ISSN 1016-5169 | E-ISSN 1308-4488
The role of probucol preventing contrast-induced nephropathy in patients undergoing invasive coronary procedures – Systematic review and meta-analysis of randomized controlled trials [Turk Kardiyol Dern Ars]
Turk Kardiyol Dern Ars. 2021; 49(1): 51-59 | DOI: 10.5543/tkda.2020.14568

The role of probucol preventing contrast-induced nephropathy in patients undergoing invasive coronary procedures – Systematic review and meta-analysis of randomized controlled trials

Raymond Pranata1, Emir Yonas2, Rachel Vania1, Antonia Anna Lukito3
1Faculty of Medicine, Universitas Pelita Harapan, Tangerang, Indonesia
2Faculty of Medicine, Universitas YARSI, Jakarta, Indonesia
3Department of Cardiology and Vascular Medicine, Siloam Hospitals Lippo Village, Tangerang, Indonesia


OBJECTIVE
The aim of this meta-analysis was to synthesize the latest evidence on the effect of probucol on the incidence of contrast-induced nephropathy (CIN) in patients undergoing coronary angiography (CAG)/percutaneous coronary intervention (PCI).


METHODS
A systematic literature search of PubMed, ScienceDirect, EuropePMC, ProQuest, and Clinicaltrials. gov was performed to retrieve studies that assessed probucol and CIN in CAG/PCI.


RESULTS
Four studies that compared probucol with hydration alone, comprising 1270 subjects, were identified and analyzed.
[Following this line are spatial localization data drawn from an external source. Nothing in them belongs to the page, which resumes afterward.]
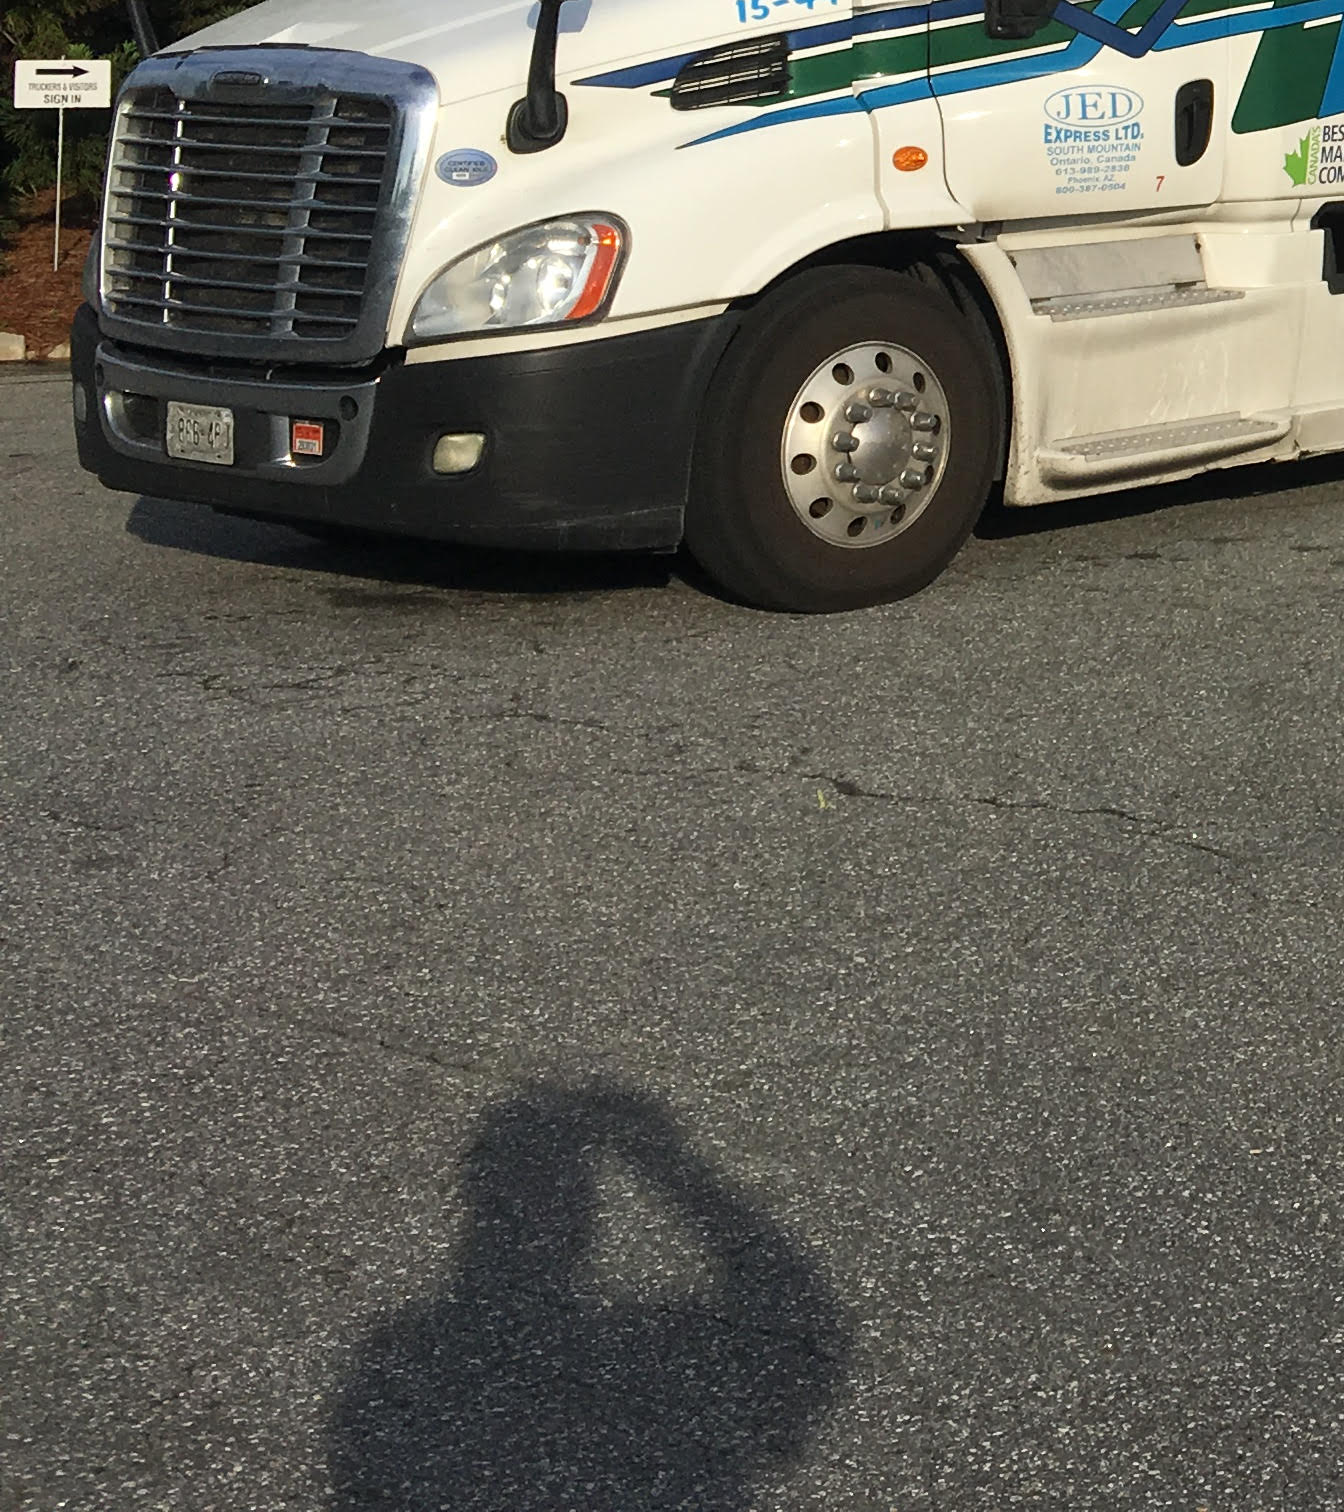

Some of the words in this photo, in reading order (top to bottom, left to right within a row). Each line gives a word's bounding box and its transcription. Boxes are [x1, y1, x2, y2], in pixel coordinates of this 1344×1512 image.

[28, 82, 60, 91] TRUCKERS
[69, 83, 98, 91] VISITORS
[43, 94, 68, 104] SIGN
[71, 94, 82, 103] IN
[1056, 92, 1133, 120] JED
[1044, 123, 1110, 144] EXPRESS
[1047, 145, 1085, 156] SOUTH
[1087, 142, 1142, 154] MOUNTAIN
[1096, 153, 1137, 164] Canada
[1155, 175, 1165, 192] 7
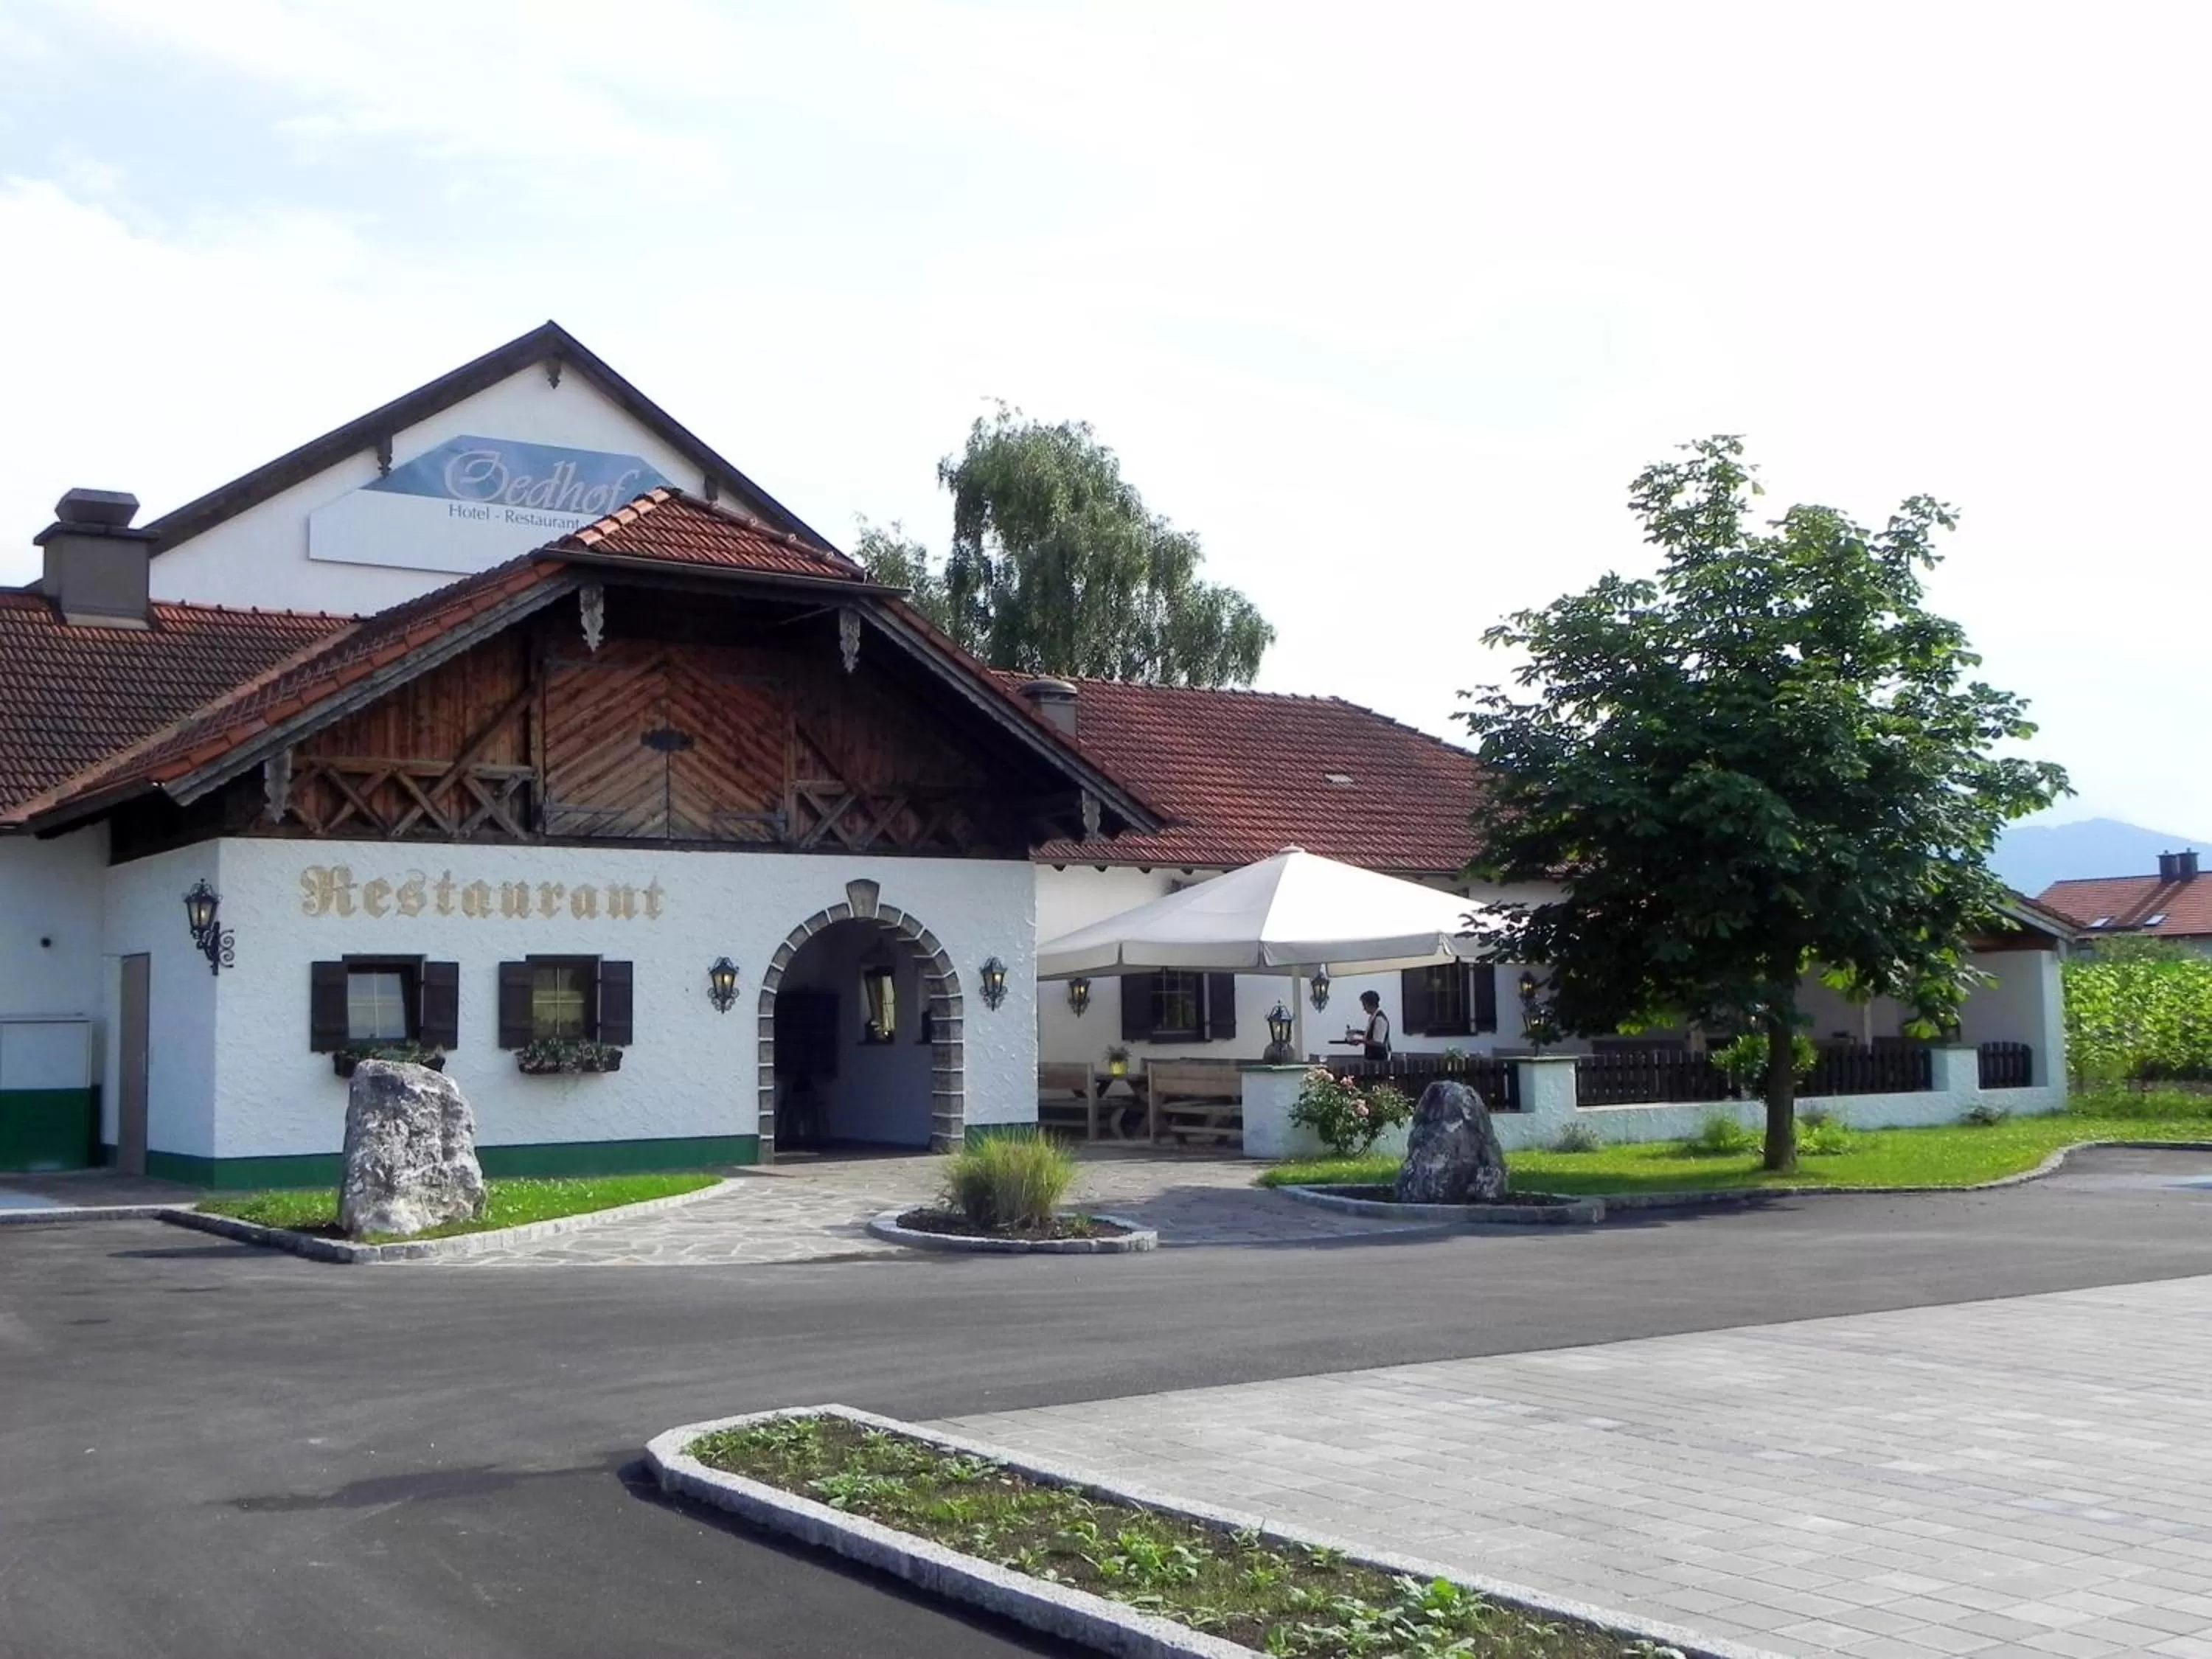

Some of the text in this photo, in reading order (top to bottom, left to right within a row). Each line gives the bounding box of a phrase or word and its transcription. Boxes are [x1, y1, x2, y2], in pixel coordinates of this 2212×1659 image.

[444, 450, 640, 515] Oedhof
[448, 503, 490, 521] Hotel
[504, 509, 580, 530] Restaurant
[299, 864, 664, 920] Restaurant
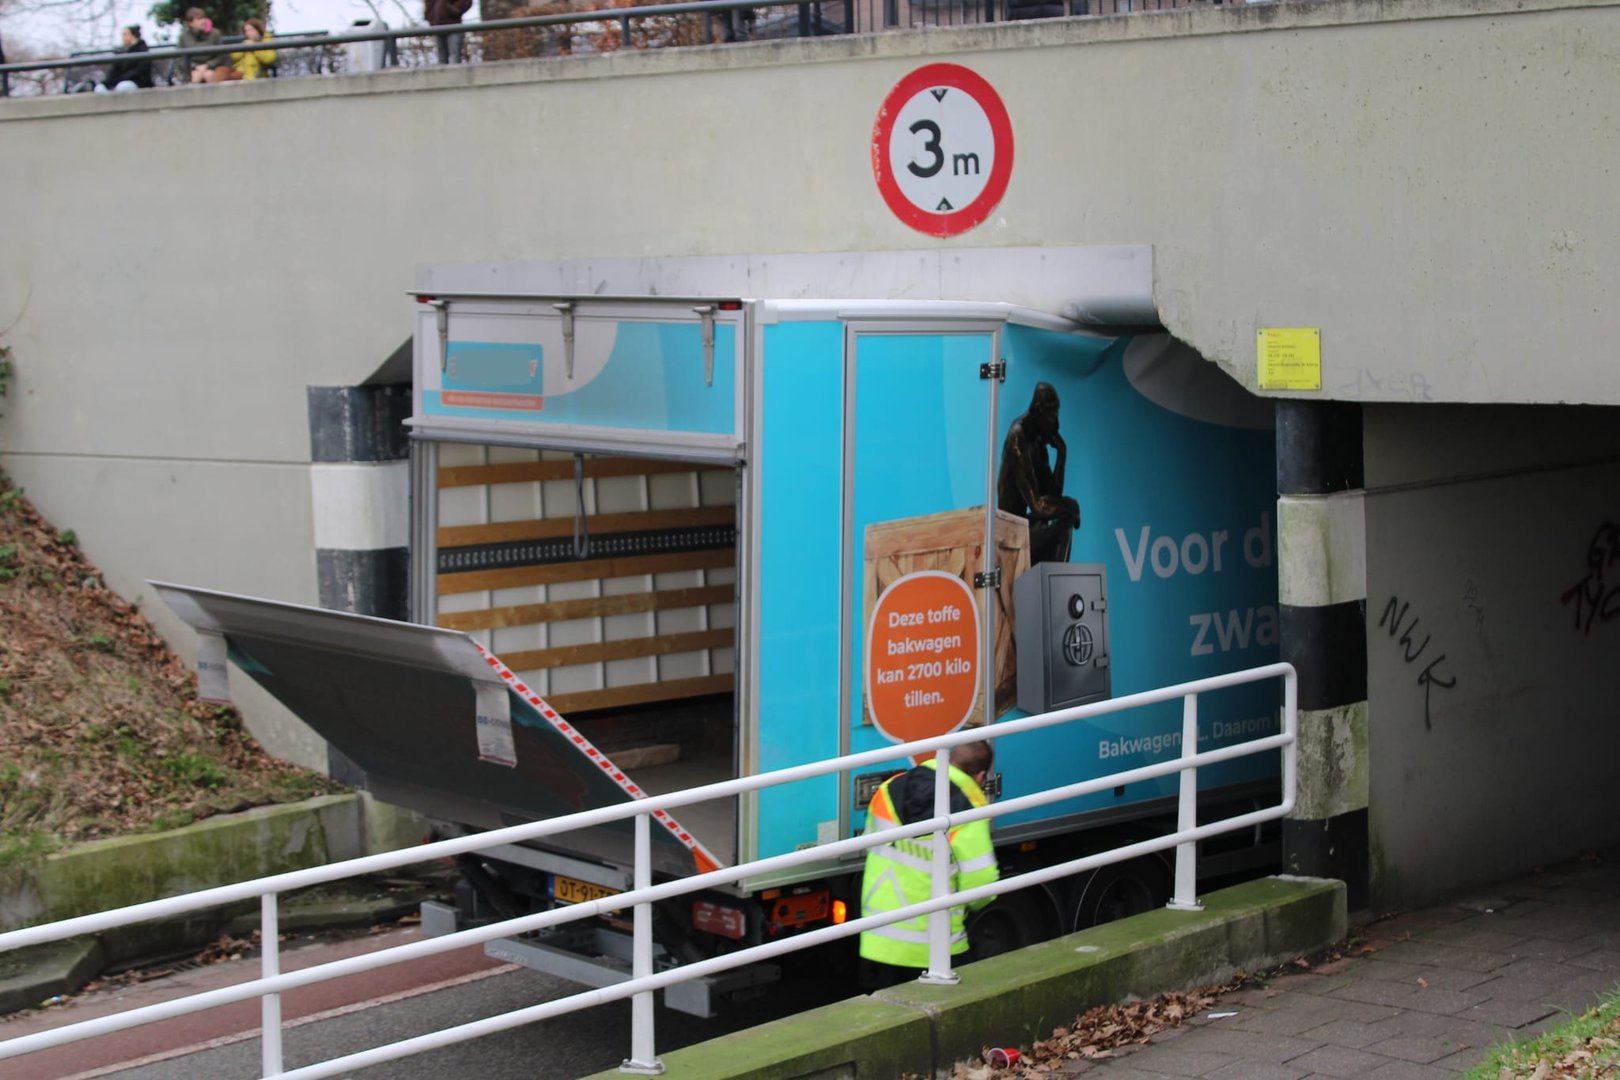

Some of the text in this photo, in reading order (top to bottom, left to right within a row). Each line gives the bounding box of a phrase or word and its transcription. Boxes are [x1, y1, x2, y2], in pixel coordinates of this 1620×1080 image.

[907, 119, 980, 178] 3 m
[1114, 525, 1228, 582] Voor
[889, 605, 961, 628] Deze toffe
[887, 635, 961, 656] bakwagen
[877, 658, 971, 685] kan 2700 kilo
[904, 690, 945, 708] tillen.
[1099, 731, 1182, 760] Bakwagen
[1212, 715, 1271, 739] Daarom
There was no significant difference between probucol and control groups in the baseline level of creatinine and at 48 hours; however, a significant difference was observed at 72 hours (mean difference: -3.87 μmol/L; 95% confidence interval [CI]: -6.58, -1.15; p=0.005). The meta-analysis indicated that probucol did not reduce the CIN incidence (odds ratio [OR]: 0.46; 95% CI: 0.20, 1.08; p=0.08). After performing a leave-one-out sensitivity analysis, removal of a study resulted in a lower risk of CIN (OR: 0.33; 95% CI: 0.19, 0.56; p<0.001). Probucol did not reduce the CIN incidence in a pooled adjusted effect estimate (OR: 0.75; 95% CI: 0.15, 3.87; p=0.73). There was no significant difference in the rate of major adverse events between the 2 groups (OR: 0.39; 95% CI: 0.05, 3.05; p=0.37). Funnel plot results were asymmetrical, indicating possible publication bias. Grading of Recommendations, Assessment, Development and Evaluations qualification demonstrated a low and very low certainty of evidence in unadjusted and adjusted effect estimates, respectively.


CONCLUSION
Probucol did not reduce the incidence of CIN; however, due to the low certainty of evidence, further study is required for a definite conclusion. Although the p value was not significant, the confidence interval showed a nonsignificant trend toward benefit. However, this trend might have been due to publication bias.

Keywords: Contrast-induced nephropathy, coronary angiography; coronary angioplasty; coronary artery disease; probucol.